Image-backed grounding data
- - - - - - -

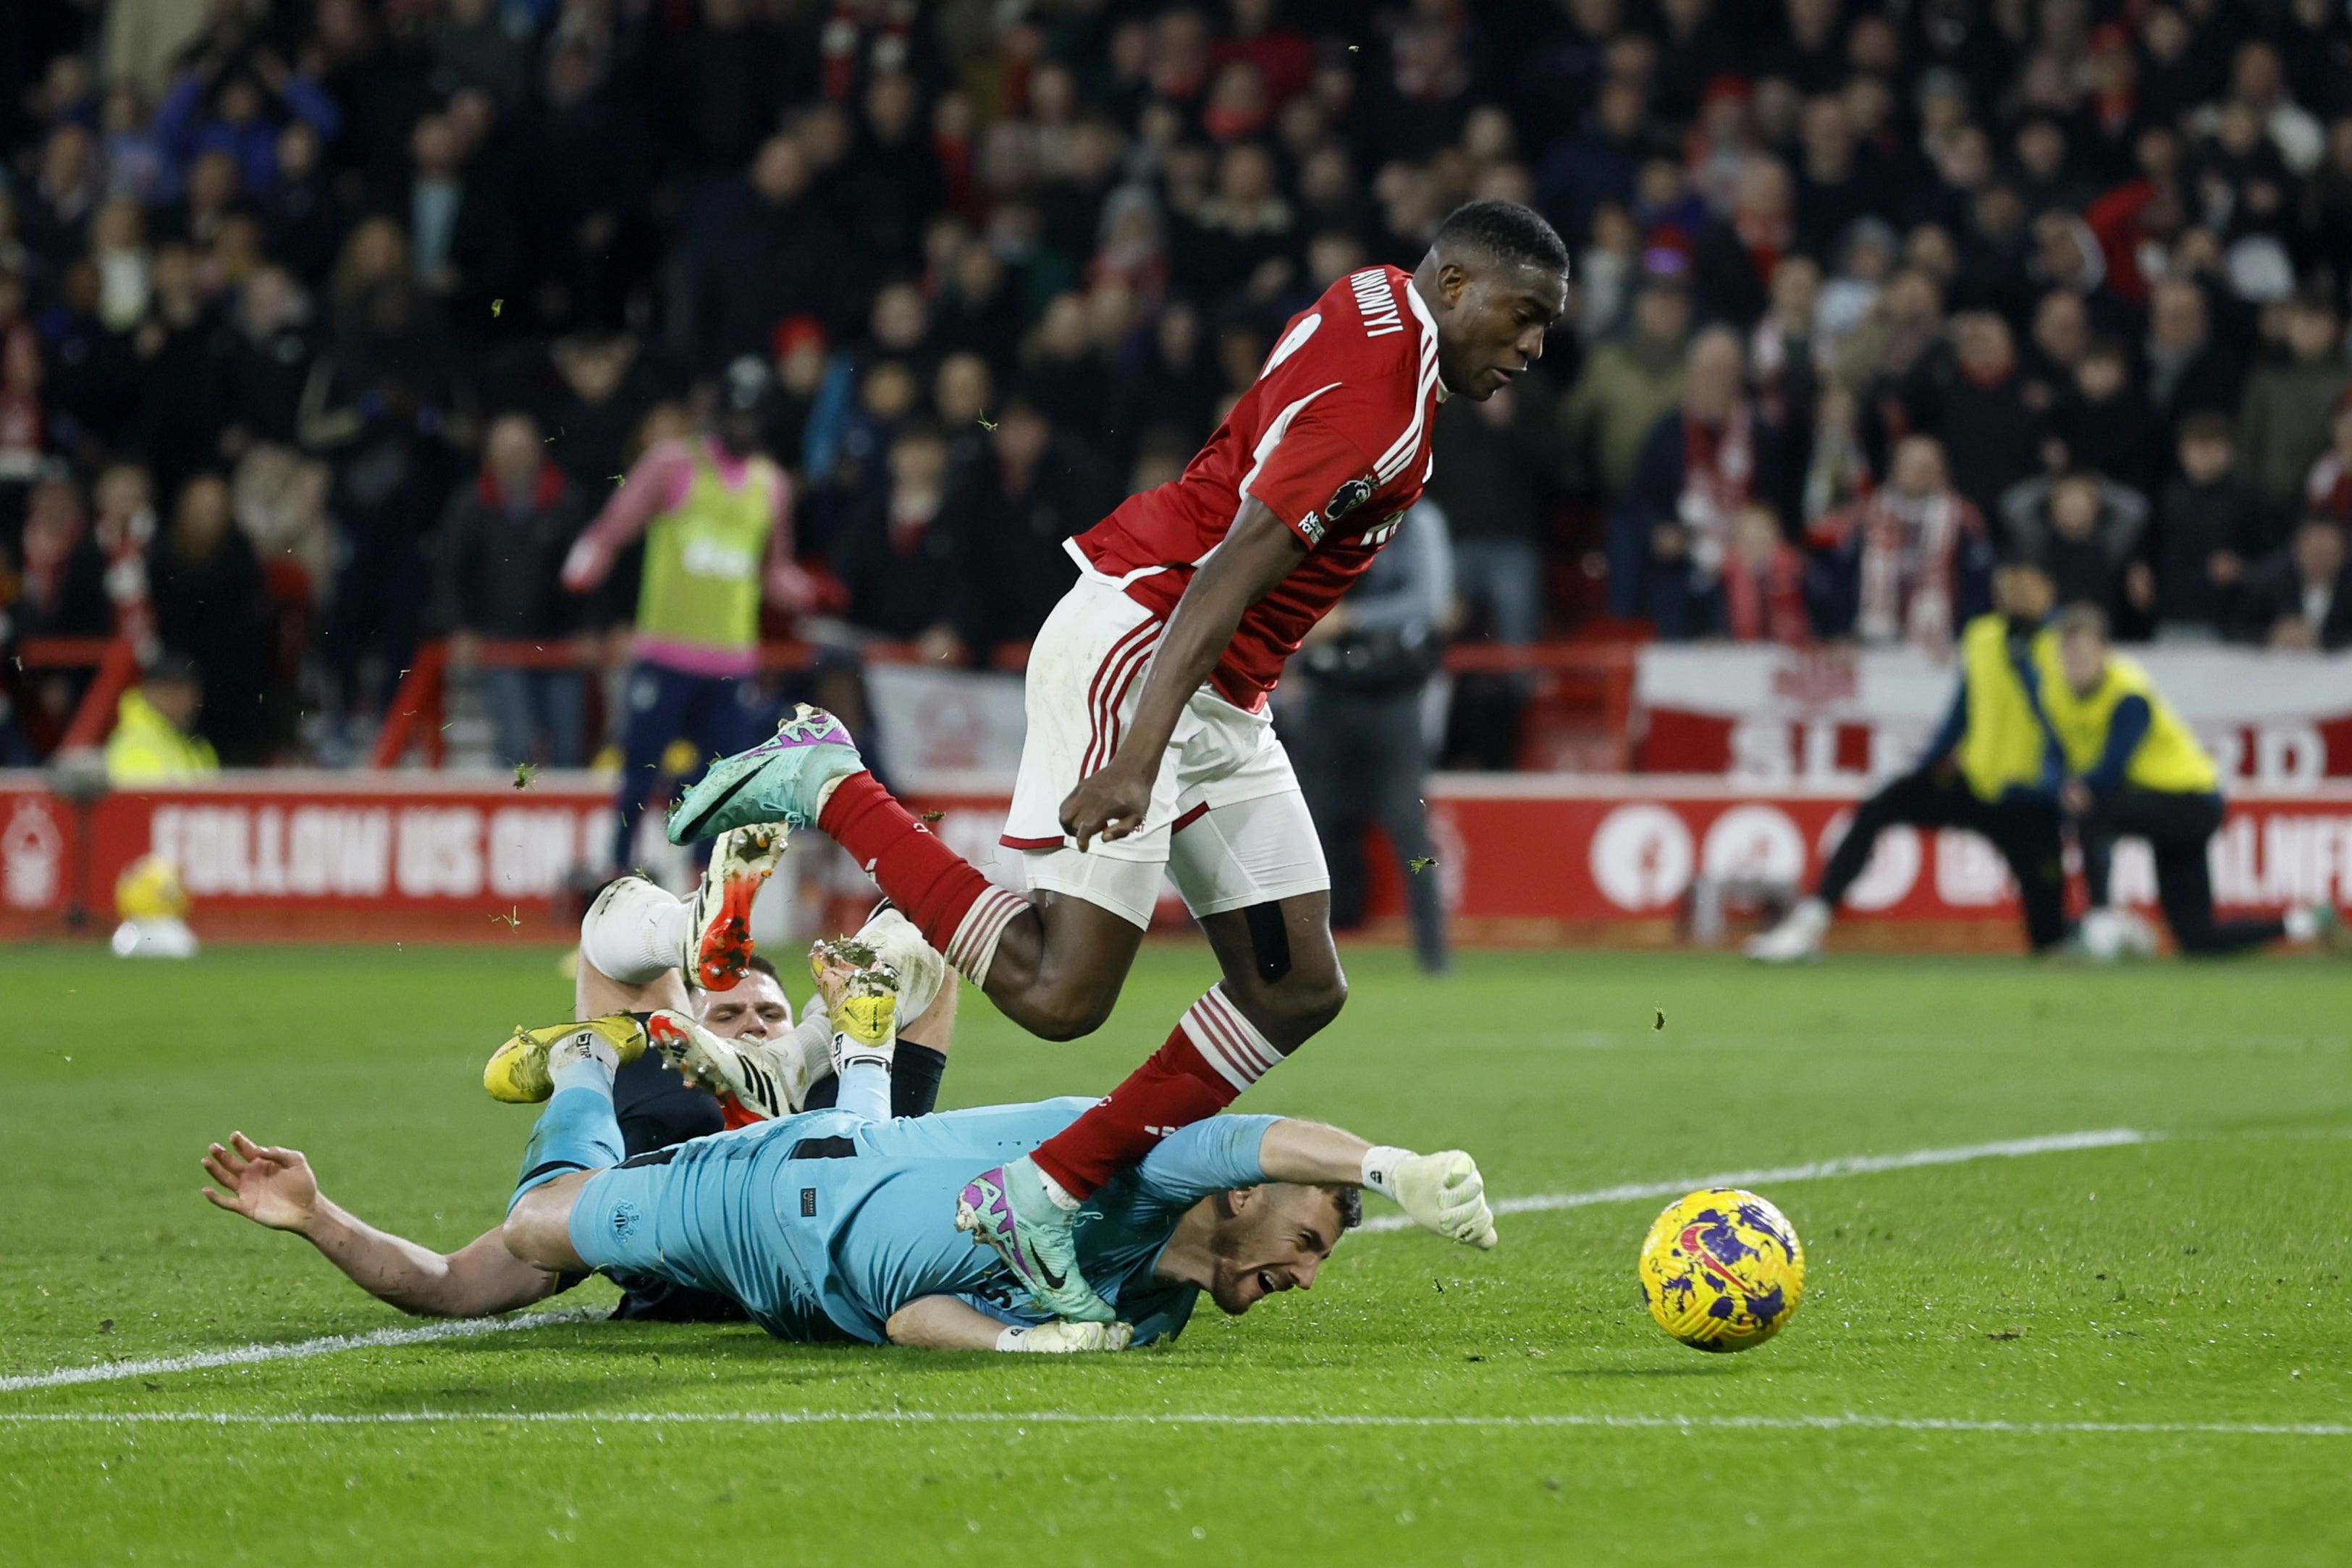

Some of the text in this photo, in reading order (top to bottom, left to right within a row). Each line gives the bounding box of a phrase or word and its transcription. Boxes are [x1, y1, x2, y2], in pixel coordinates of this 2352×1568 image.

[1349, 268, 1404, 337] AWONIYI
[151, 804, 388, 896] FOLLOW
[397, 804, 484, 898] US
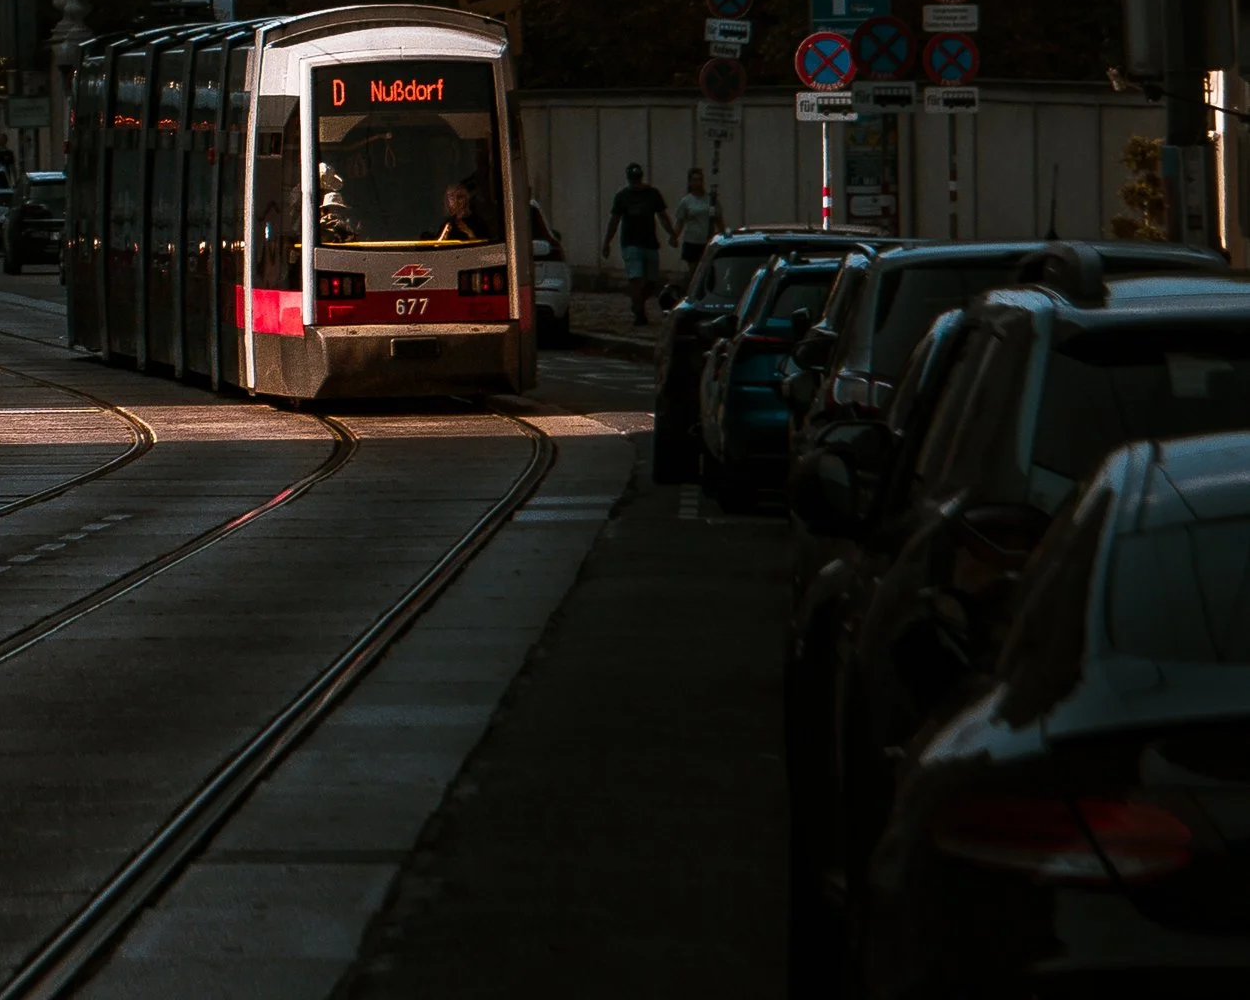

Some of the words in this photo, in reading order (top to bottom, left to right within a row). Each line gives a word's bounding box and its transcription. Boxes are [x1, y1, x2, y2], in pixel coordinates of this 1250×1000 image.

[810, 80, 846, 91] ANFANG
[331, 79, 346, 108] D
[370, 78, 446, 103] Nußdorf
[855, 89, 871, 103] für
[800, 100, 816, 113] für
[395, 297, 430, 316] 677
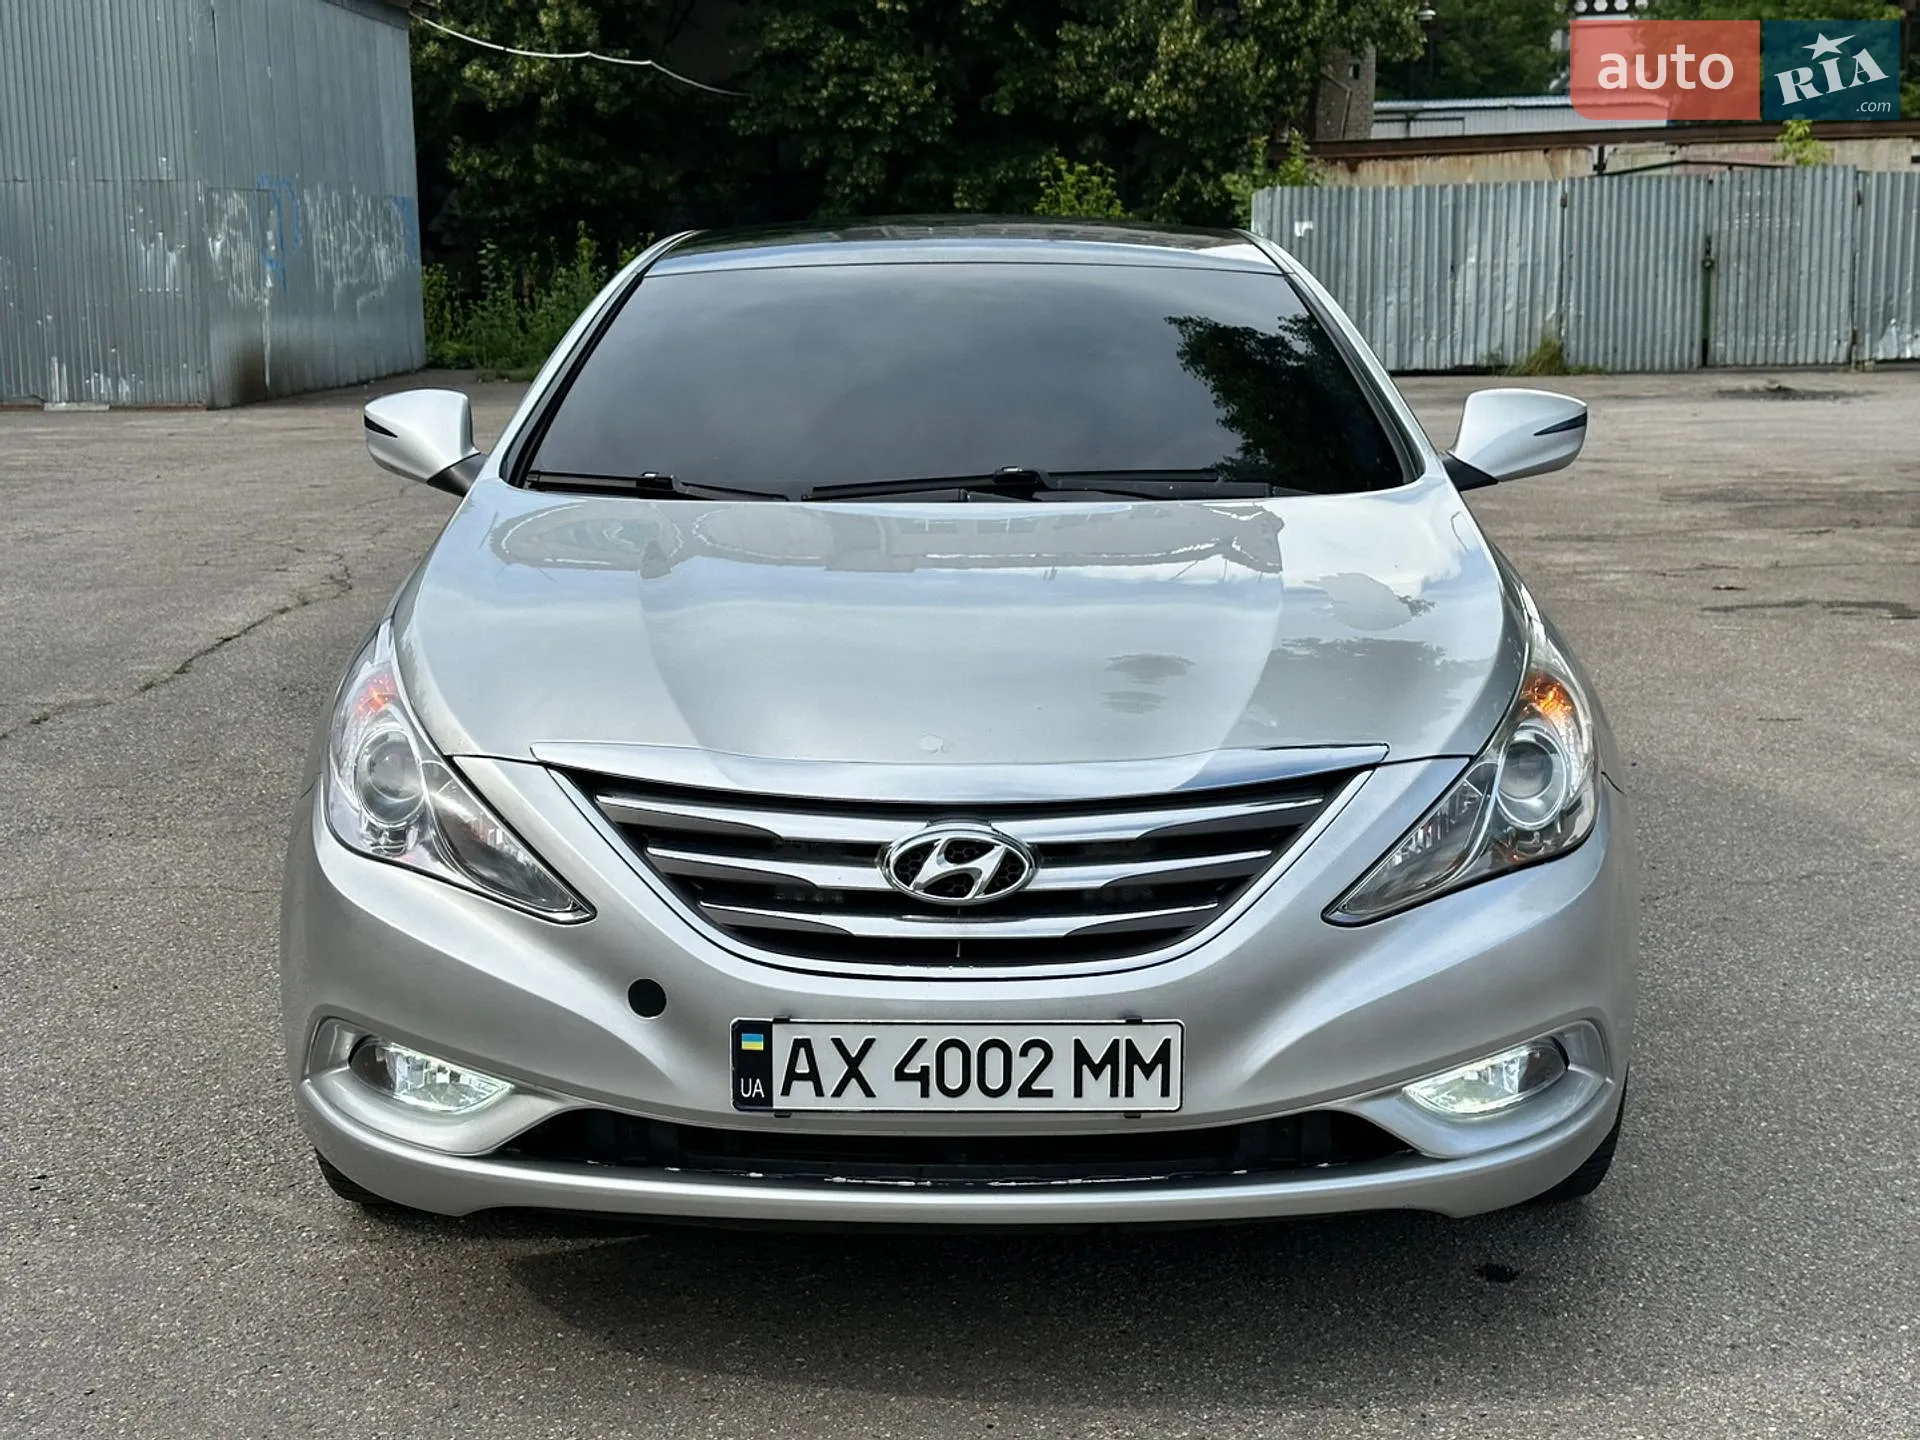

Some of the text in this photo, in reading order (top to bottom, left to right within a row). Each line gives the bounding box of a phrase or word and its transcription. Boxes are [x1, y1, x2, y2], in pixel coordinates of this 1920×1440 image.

- - - - - - -

Task directions:
Without including any picture, repeat the data exactly.

Answer:
Some of the text in this photo, in reading order (top to bottom, left to right within a row). Each line gives the bounding box of a phrase or word and its transcription. Boxes are [x1, y1, x2, y2], in pixel coordinates of this 2352×1568 image.

[1349, 268, 1404, 337] AWONIYI
[151, 804, 388, 896] FOLLOW
[397, 804, 484, 898] US

Some of the words in this photo, in reading order (top to bottom, left to right within a row). Each line gives a word's bounding box and its transcription. Boxes are [x1, y1, x2, y2], in pixel coordinates of this 1250×1000 image.

[810, 80, 846, 91] ANFANG
[331, 79, 346, 108] D
[370, 78, 446, 103] Nußdorf
[855, 89, 871, 103] für
[800, 100, 816, 113] für
[395, 297, 430, 316] 677

Some of the text in this photo, in reading order (top to bottom, left to right within a row). Each line gives the bounding box of a phrase or word and its transcription. Boxes are [x1, y1, x2, y2], in pixel coordinates of this 1920×1440 image.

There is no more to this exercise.